# INFORMATION:
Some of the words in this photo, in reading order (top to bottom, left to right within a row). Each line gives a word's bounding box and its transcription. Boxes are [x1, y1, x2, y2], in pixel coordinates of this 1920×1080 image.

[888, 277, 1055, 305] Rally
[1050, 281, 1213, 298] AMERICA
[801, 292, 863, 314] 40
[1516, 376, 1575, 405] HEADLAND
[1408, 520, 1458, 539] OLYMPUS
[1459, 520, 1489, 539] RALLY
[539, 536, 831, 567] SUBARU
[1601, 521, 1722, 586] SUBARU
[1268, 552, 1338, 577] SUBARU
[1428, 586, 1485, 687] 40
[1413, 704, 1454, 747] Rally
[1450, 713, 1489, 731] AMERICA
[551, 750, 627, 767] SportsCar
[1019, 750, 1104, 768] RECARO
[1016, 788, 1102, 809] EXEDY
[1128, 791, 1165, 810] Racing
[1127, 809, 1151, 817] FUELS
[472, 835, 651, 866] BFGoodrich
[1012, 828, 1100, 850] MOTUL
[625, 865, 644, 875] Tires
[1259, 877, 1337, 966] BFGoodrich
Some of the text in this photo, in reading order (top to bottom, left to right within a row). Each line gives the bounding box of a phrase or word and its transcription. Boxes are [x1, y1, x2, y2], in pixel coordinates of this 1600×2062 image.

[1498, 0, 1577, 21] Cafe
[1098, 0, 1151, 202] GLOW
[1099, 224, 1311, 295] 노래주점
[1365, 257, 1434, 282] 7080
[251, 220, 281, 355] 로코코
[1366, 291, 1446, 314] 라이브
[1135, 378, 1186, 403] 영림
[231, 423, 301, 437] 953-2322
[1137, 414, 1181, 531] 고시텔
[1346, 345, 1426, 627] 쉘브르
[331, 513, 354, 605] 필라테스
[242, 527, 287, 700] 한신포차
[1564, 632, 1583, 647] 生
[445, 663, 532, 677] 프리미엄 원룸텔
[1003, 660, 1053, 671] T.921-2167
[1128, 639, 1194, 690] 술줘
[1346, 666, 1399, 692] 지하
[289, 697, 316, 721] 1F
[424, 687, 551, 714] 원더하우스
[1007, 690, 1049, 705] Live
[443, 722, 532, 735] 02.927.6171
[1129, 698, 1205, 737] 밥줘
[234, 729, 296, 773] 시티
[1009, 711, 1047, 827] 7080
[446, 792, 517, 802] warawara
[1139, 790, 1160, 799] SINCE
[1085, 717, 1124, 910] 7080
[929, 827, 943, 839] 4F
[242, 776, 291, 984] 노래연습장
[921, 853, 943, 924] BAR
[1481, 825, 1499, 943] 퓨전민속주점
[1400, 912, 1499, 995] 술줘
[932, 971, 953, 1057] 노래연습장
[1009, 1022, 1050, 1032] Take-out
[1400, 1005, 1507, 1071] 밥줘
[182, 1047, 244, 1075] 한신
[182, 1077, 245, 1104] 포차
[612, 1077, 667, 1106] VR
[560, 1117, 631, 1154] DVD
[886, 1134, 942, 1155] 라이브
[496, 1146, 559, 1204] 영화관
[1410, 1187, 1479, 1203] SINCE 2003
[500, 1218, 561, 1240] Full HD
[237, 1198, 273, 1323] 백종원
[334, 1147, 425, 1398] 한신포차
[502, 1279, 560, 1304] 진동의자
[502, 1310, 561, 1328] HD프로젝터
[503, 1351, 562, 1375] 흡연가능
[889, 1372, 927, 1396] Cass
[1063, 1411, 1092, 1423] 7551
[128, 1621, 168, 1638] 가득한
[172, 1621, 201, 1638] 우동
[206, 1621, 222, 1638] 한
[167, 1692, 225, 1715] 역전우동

# DIRECTIONS:
All of the entries above must be output word for word.

# RESPONSE TO THE EXERCISE:
Some of the words in this photo, in reading order (top to bottom, left to right within a row). Each line gives a word's bounding box and its transcription. Boxes are [x1, y1, x2, y2], in pixel coordinates of this 1920×1080 image.

[888, 277, 1055, 305] Rally
[1050, 281, 1213, 298] AMERICA
[801, 292, 863, 314] 40
[1516, 376, 1575, 405] HEADLAND
[1408, 520, 1458, 539] OLYMPUS
[1459, 520, 1489, 539] RALLY
[539, 536, 831, 567] SUBARU
[1601, 521, 1722, 586] SUBARU
[1268, 552, 1338, 577] SUBARU
[1428, 586, 1485, 687] 40
[1413, 704, 1454, 747] Rally
[1450, 713, 1489, 731] AMERICA
[551, 750, 627, 767] SportsCar
[1019, 750, 1104, 768] RECARO
[1016, 788, 1102, 809] EXEDY
[1128, 791, 1165, 810] Racing
[1127, 809, 1151, 817] FUELS
[472, 835, 651, 866] BFGoodrich
[1012, 828, 1100, 850] MOTUL
[625, 865, 644, 875] Tires
[1259, 877, 1337, 966] BFGoodrich
Some of the text in this photo, in reading order (top to bottom, left to right within a row). Each line gives the bounding box of a phrase or word and its transcription. Boxes are [x1, y1, x2, y2], in pixel coordinates of this 1600×2062 image.

[1498, 0, 1577, 21] Cafe
[1098, 0, 1151, 202] GLOW
[1099, 224, 1311, 295] 노래주점
[1365, 257, 1434, 282] 7080
[251, 220, 281, 355] 로코코
[1366, 291, 1446, 314] 라이브
[1135, 378, 1186, 403] 영림
[231, 423, 301, 437] 953-2322
[1137, 414, 1181, 531] 고시텔
[1346, 345, 1426, 627] 쉘브르
[331, 513, 354, 605] 필라테스
[242, 527, 287, 700] 한신포차
[1564, 632, 1583, 647] 生
[445, 663, 532, 677] 프리미엄 원룸텔
[1003, 660, 1053, 671] T.921-2167
[1128, 639, 1194, 690] 술줘
[1346, 666, 1399, 692] 지하
[289, 697, 316, 721] 1F
[424, 687, 551, 714] 원더하우스
[1007, 690, 1049, 705] Live
[443, 722, 532, 735] 02.927.6171
[1129, 698, 1205, 737] 밥줘
[234, 729, 296, 773] 시티
[1009, 711, 1047, 827] 7080
[446, 792, 517, 802] warawara
[1139, 790, 1160, 799] SINCE
[1085, 717, 1124, 910] 7080
[929, 827, 943, 839] 4F
[242, 776, 291, 984] 노래연습장
[921, 853, 943, 924] BAR
[1481, 825, 1499, 943] 퓨전민속주점
[1400, 912, 1499, 995] 술줘
[932, 971, 953, 1057] 노래연습장
[1009, 1022, 1050, 1032] Take-out
[1400, 1005, 1507, 1071] 밥줘
[182, 1047, 244, 1075] 한신
[182, 1077, 245, 1104] 포차
[612, 1077, 667, 1106] VR
[560, 1117, 631, 1154] DVD
[886, 1134, 942, 1155] 라이브
[496, 1146, 559, 1204] 영화관
[1410, 1187, 1479, 1203] SINCE 2003
[500, 1218, 561, 1240] Full HD
[237, 1198, 273, 1323] 백종원
[334, 1147, 425, 1398] 한신포차
[502, 1279, 560, 1304] 진동의자
[502, 1310, 561, 1328] HD프로젝터
[503, 1351, 562, 1375] 흡연가능
[889, 1372, 927, 1396] Cass
[1063, 1411, 1092, 1423] 7551
[128, 1621, 168, 1638] 가득한
[172, 1621, 201, 1638] 우동
[206, 1621, 222, 1638] 한
[167, 1692, 225, 1715] 역전우동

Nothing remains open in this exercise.